The Fairfax Symphony Orchestra.
Photo courtesy of Fairfax Symphony Orchestra
Where and When
Fairfax Symphony Orchestra presents program featuring Philip Glass, Bach, Vaughn Williams, and Elgar at George Mason University Center for the Arts Concert Hall 4400 University Drive, Fairfax. Performance: Saturday, April 21 at 8 p.m. Tickets $39, $53 and $65. (Students: $15) Visit www.fairfaxsymphony.org or phone 888-945-2468. Note: Join Music Director Christopher Zimmerman and Pianist Simone Dinnerstein for a pre-concert discussion on April 21 at 7 p.m. at GMU Concert Hall.
Northern Virginia audiences will strike music gold with the Fairfax Symphony Orchestra (FSO) as it continues to celebrate its 60th anniversary season. “We are thrilled to be giving the D.C. area premiere of Philip Glass’ new piano concerto,” said Christopher Zimmerman, FSO Music Director. “Philip Glass is one of the most significant, renowned living American composers.

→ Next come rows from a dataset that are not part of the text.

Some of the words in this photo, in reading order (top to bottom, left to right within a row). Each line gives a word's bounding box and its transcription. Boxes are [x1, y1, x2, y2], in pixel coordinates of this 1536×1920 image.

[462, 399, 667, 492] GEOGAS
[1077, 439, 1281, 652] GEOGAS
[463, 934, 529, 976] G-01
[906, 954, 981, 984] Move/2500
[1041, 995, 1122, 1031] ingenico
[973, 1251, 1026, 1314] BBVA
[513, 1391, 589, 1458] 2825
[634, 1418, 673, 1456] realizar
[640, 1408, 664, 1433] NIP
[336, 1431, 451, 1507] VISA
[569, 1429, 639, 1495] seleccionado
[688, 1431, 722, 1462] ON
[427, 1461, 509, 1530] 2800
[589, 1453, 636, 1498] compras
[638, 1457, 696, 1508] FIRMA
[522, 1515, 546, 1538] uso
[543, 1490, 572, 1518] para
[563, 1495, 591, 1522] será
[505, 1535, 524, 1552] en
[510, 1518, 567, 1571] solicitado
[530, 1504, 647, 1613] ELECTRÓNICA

“And, we look forward to collaborating again with Simone Dinnerstein, for whom this concerto was specifically written, and bringing it to life for our FSO audience,”
For acclaimed pianist Dinnerstein, it will be a return to perform with the FSO, this time to perform Glass’ “Piano Concerto No. 3” written specifically for Dinnerstein and co-commissioned by FSO.

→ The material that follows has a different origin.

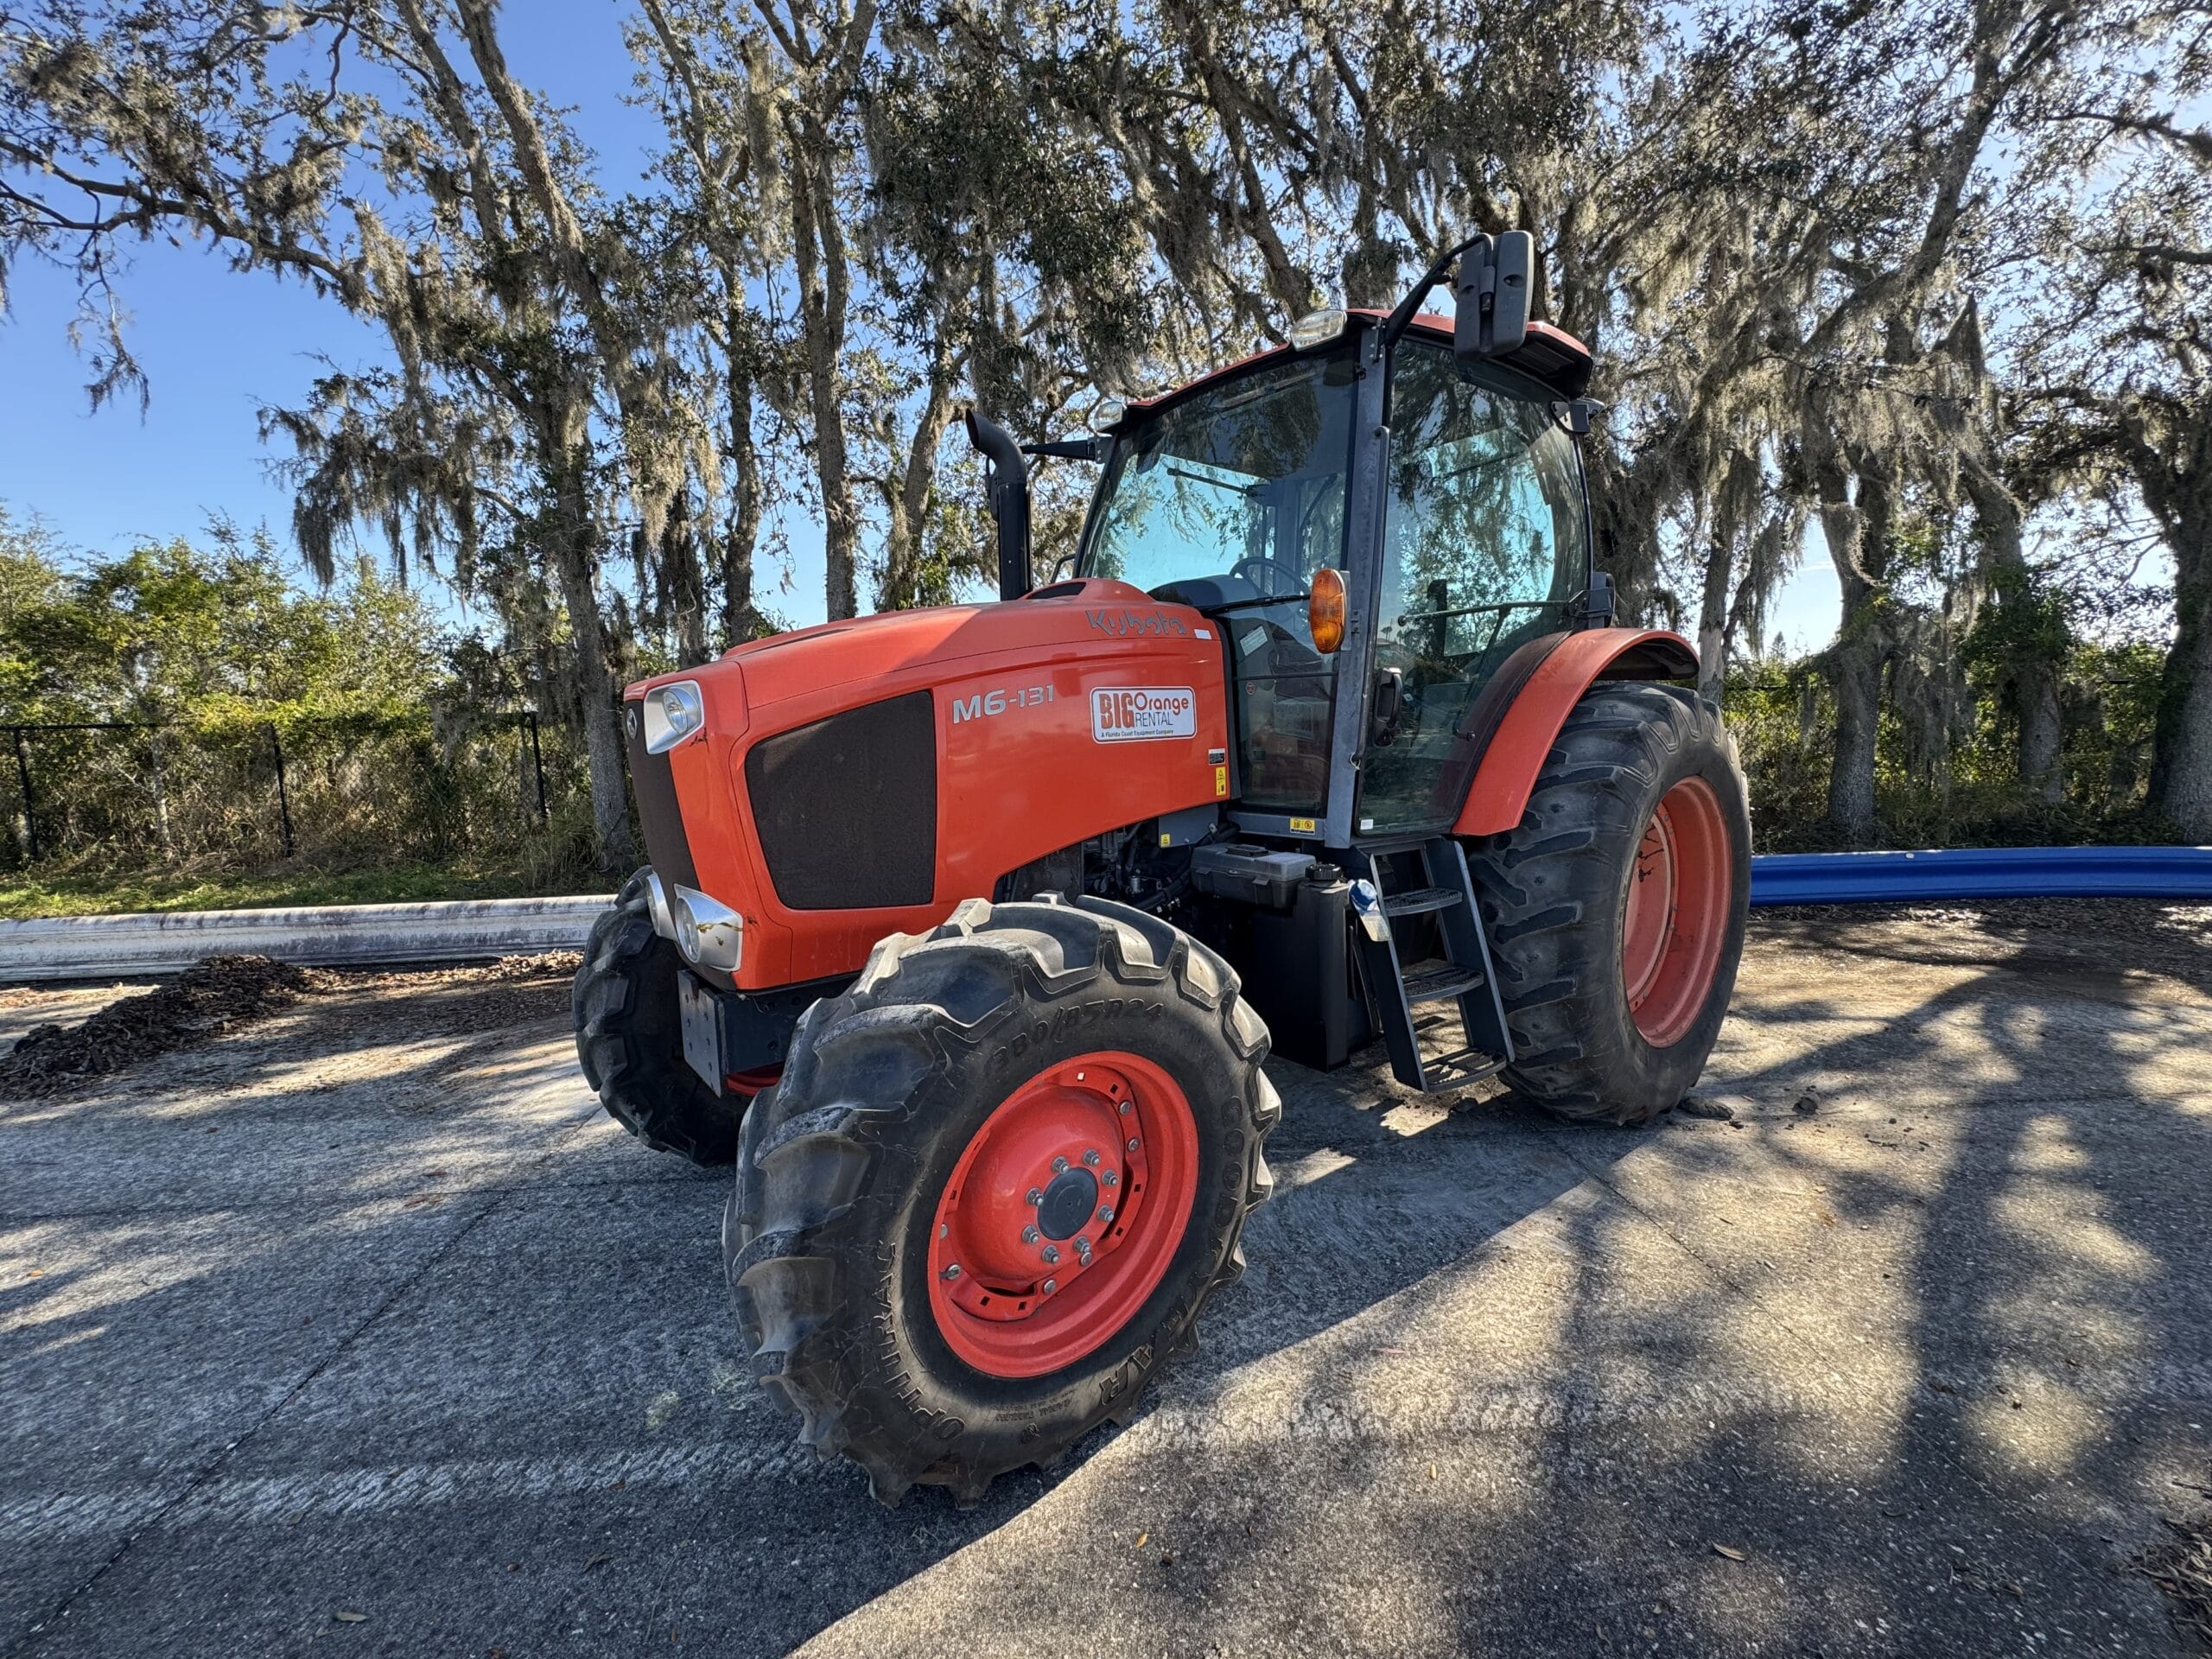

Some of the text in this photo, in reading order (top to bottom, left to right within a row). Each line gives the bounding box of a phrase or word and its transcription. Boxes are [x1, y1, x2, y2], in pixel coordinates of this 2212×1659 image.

[1084, 609, 1187, 636] Kubota
[952, 683, 1054, 724] M6-131
[1098, 691, 1190, 729] BIG Orange
[1135, 711, 1173, 727] RENTAL

“Commissioning new work is central to our mission," said Jonathan Kerr, Executive Director, Fairfax Symphony Orchestra. "We are honored to be the first orchestra in the D.C. metro area to premiere this important work and collaborate with Simone Dinnerstein on such a milestone. This is another example of how the arts in Fairfax County are creating connections for the community and the world."
The FSO’s April 21 program also includes Vaughan Williams’ “Fantasia on a Theme by Thomas Tallis,” as well as Elgar’s “Introduction and Allegro for Strings” and “Bach: Keyboard Concerto in G minor, BWV 1058.”

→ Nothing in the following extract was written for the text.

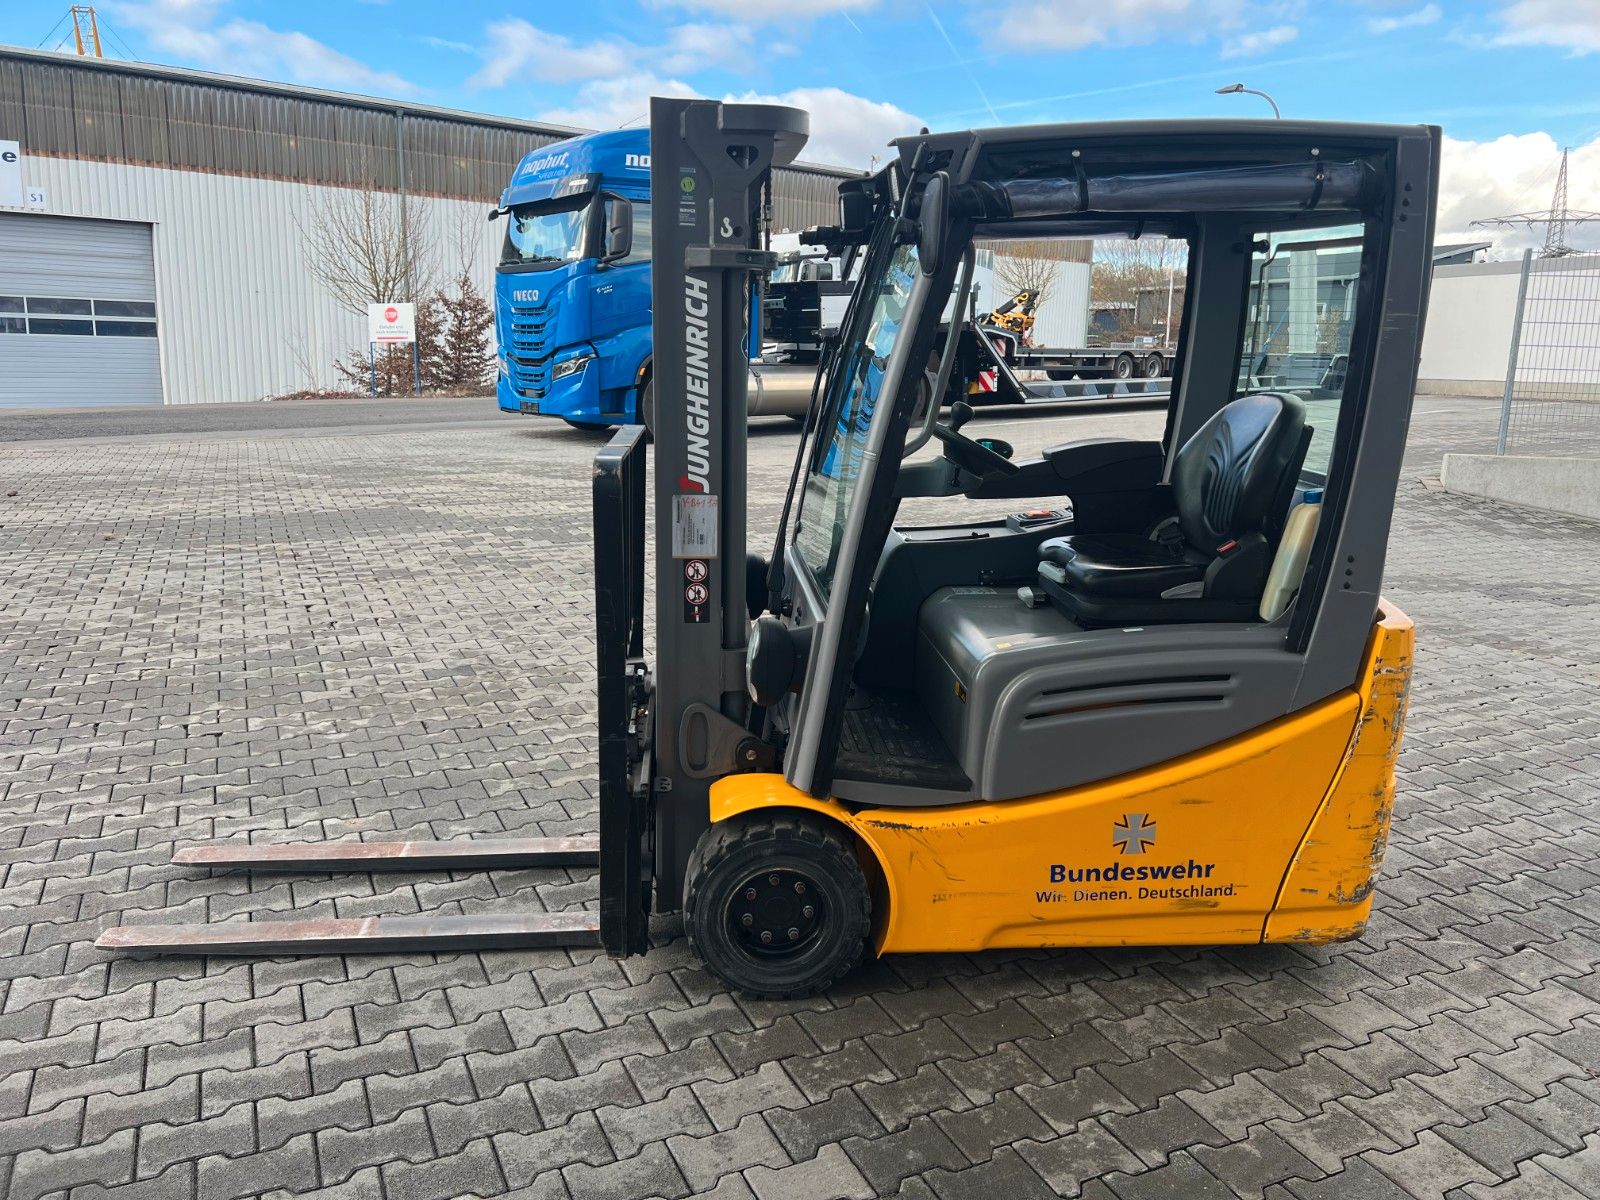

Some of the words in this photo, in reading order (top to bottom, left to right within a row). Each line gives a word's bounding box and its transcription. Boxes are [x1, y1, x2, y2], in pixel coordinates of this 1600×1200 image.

“The idea for this commission first germinated in Philip Glass’s garden, where we met for breakfast one beautiful morning,” said Dinnerstein. “There are almost no concertos written for piano and strings since Bach’s time. Both Glass and I have a strong interest in the music of Bach and how it impacts us today.” The pairing aims to create bridges between the old and the new.
“Several years ago, Simone Dinnerstein visited me at my home in New York City and played a short program of Schubert and Glass. She played with a complete mastery of technique, depth of emotion, and understanding. Right away I knew I would someday compose music for her,” said Philip Glass.
With three movements, the new Glass concerto is scored for piano and strings. It is Romantic in nature. “It’s as if the piano grows out of the orchestra,” said Dinnerstein.
Dinnerstein has brought a number of projects to Fairfax County. One was to provide Fairfax County Public School students with access to classical music called “Bachpacking.” Dinnerstein took a digital keyboard into individual elementary school classrooms, helping young children to get closer to the music.